Contundo, para além disso, no rótulo da lata também indica que quantidade de leite artificial se deve dar ao bebé. E esses volumes indicados são muito maiores do que a ingestão média de um recém-nascido de poucos dias. Será correto que quem anuncie a quantidade de leite que o bebé deve ingerir seja a mesma entidade que vai lucrar financeiramente se o bebé comer mais? As palavras “conflito de interesses” surgem-te no pensamento? Não és a única.
É verdade que a advertência de que a quantidade de leite artificial que se deve oferecer ao bebé varia com a sua idade, as suas necessidades individuais, com o tipo de leite artificial e com as orientações do pediatra. Mas voltamos aqui ao ponto já referido anteriormente da falta de formação específica na área da amamentação que, cada vez mais, se encontra nos profissionais de saúde intervenientes na vida destas famílias (pediatras, médicos de família ou enfermeiros especialistas). Acabam por se guiar por estas “cábulas” da indústria e indicar posologias desajustadas para quem quer amamentar o seu bebé e para os quais o leite artificial deveria ser apenas uma (preciosa) solução temporária.

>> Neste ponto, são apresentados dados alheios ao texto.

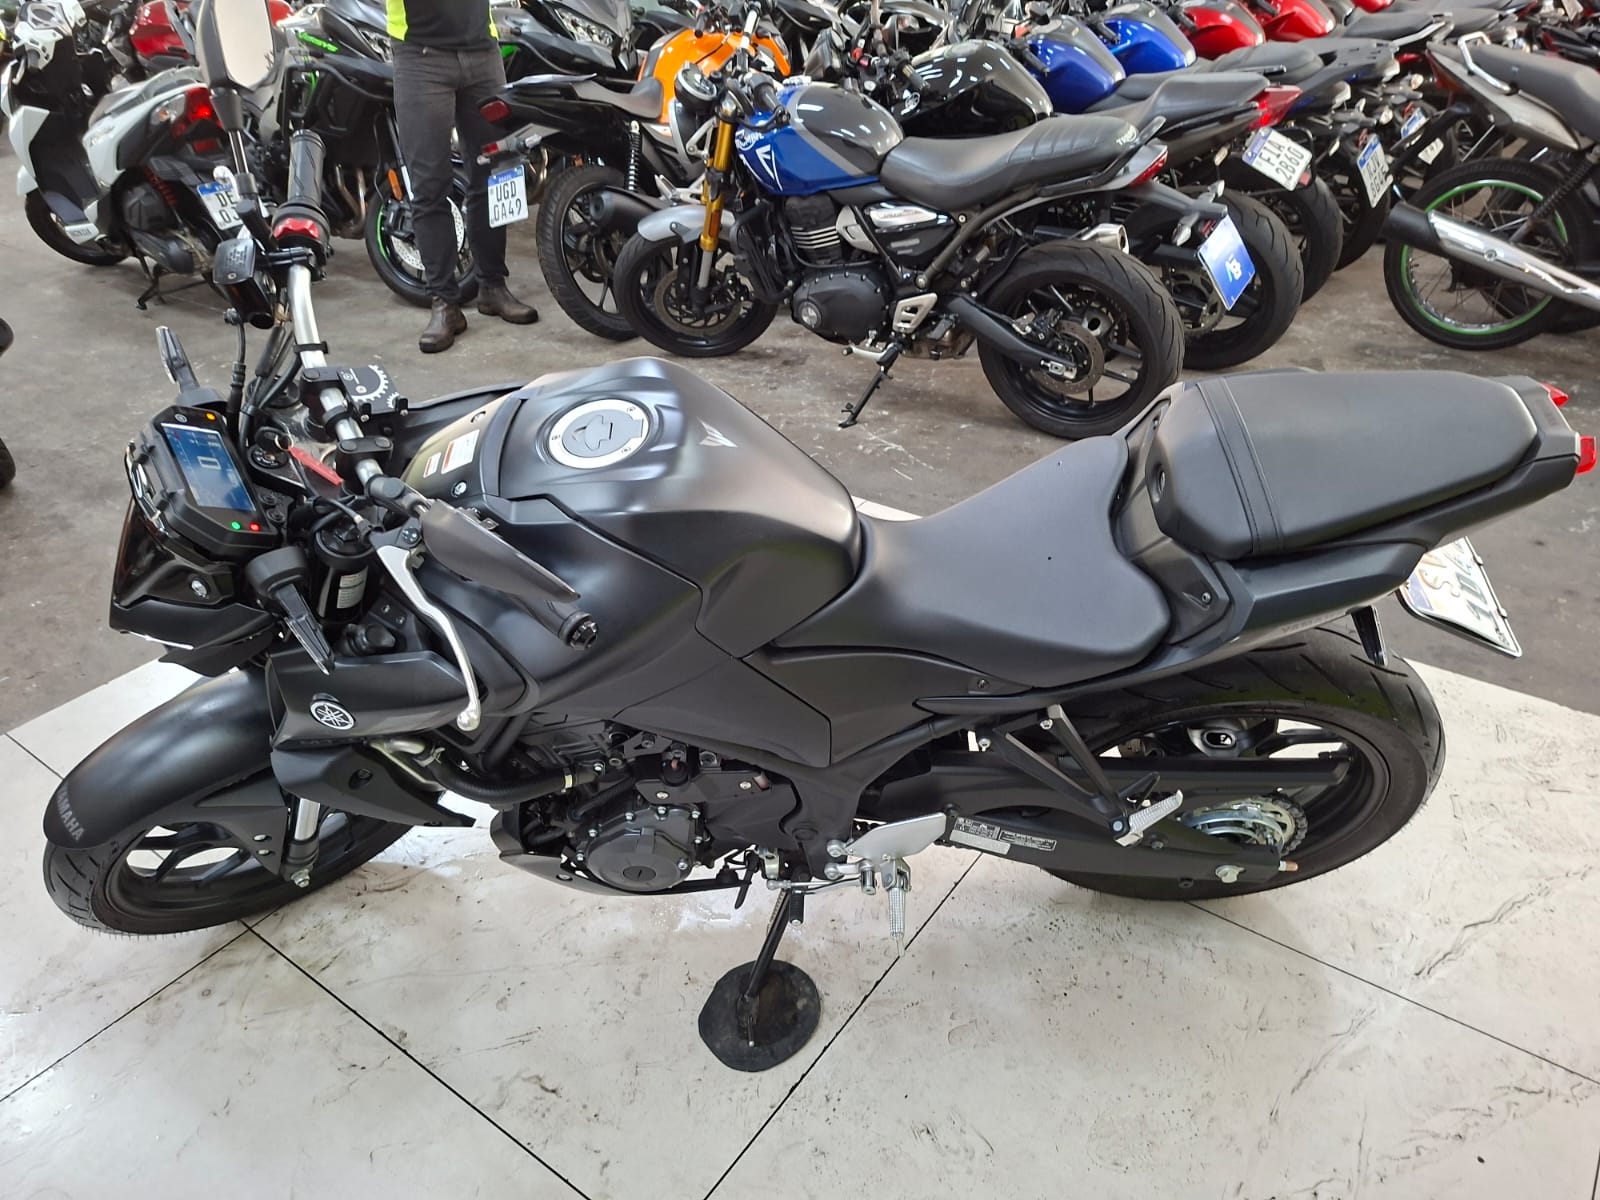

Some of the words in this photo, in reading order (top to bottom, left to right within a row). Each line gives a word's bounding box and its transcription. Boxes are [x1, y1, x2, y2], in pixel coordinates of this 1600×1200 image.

Em traços gerais, é referido dar 30 a 60 ml de leite artificial ao recém-nascido a cada três horas. É essencialmente isso que se indica e é essencialmente isso que fica retido no cérebro privado de sono e exausto dos recém-pais. Para além da quantidade não estar ajustada individualmente ao peso do bebé (os recém-nascidos não pesam todos o mesmo, então porque têm que comer as mesmas quantidades), o intervalo de tempo em que deve ser oferecido não deve depender do relógio, pois se a mãe fizer um aleitamento misto (leite artificial e leite materno) ou pretender oferecer o seu leite ao invés da lata, essas três horas não são assim tão taxativas. É preciso trabalhar este ponto com a família.
Os bebés não são todos iguais, não são máquinas de engorda, porquinhos para encher. Há momentos em que têm mais fome e em outros menos, tal como nós. Mas são demasiadas as vezes que nos chegam bebés sobrealimentados com quantidades exageradas de leite artificial. Sem entrar na parte das consequências disso a curto, médio e longo prazo, esta oferta excessiva de leite artificial é completamente prejudicial para quem quer amamentar, e os pais não têm noção disso.
A médio e longo prazo o resultado é o que assistimos muitas vezes nos nossos acompanhamentos: bebé empanturrado com leite artificial até às orelhas, dorme longas horas para alegria e descanso dos pais, o bebé não dá sinais de fome, não vai à mama, surgem situações de ingurgitamento mamário e mastites, não há estimulação adequada na mama, a produção de leite materno diminui, e começa o desmame precoce sem que seja esse o desejo da mãe. Resumi muito? A indústria e as práticas do leite artificial também.
Pode parecer claro para toda a pessoa que não é mãe ou pai do bebé que acabou de receber neste mundo; mas para eles, num momento mais vulnerável das suas vidas, em que passam por tantas emoções e circunstâncias desafiantes ao mesmo tempo, não é tão fácil assim ter a clareza de raciocínio de que esses 30 ml podem não ser a unidade básica de leite que o seu bebé realmente precisa nos primeiros dias de vida, e que as quantidades de leite artificial que estão a oferecer são exageradas. E acredita que a indústria tem os sentimentos do público-alvo em consideração para aumentar os seus lucros.
Como consultora achas que este tipo de informação e a regulação da sua comercialização impactam de forma negativa o percurso de amamentação das famílias que desejam amamentar?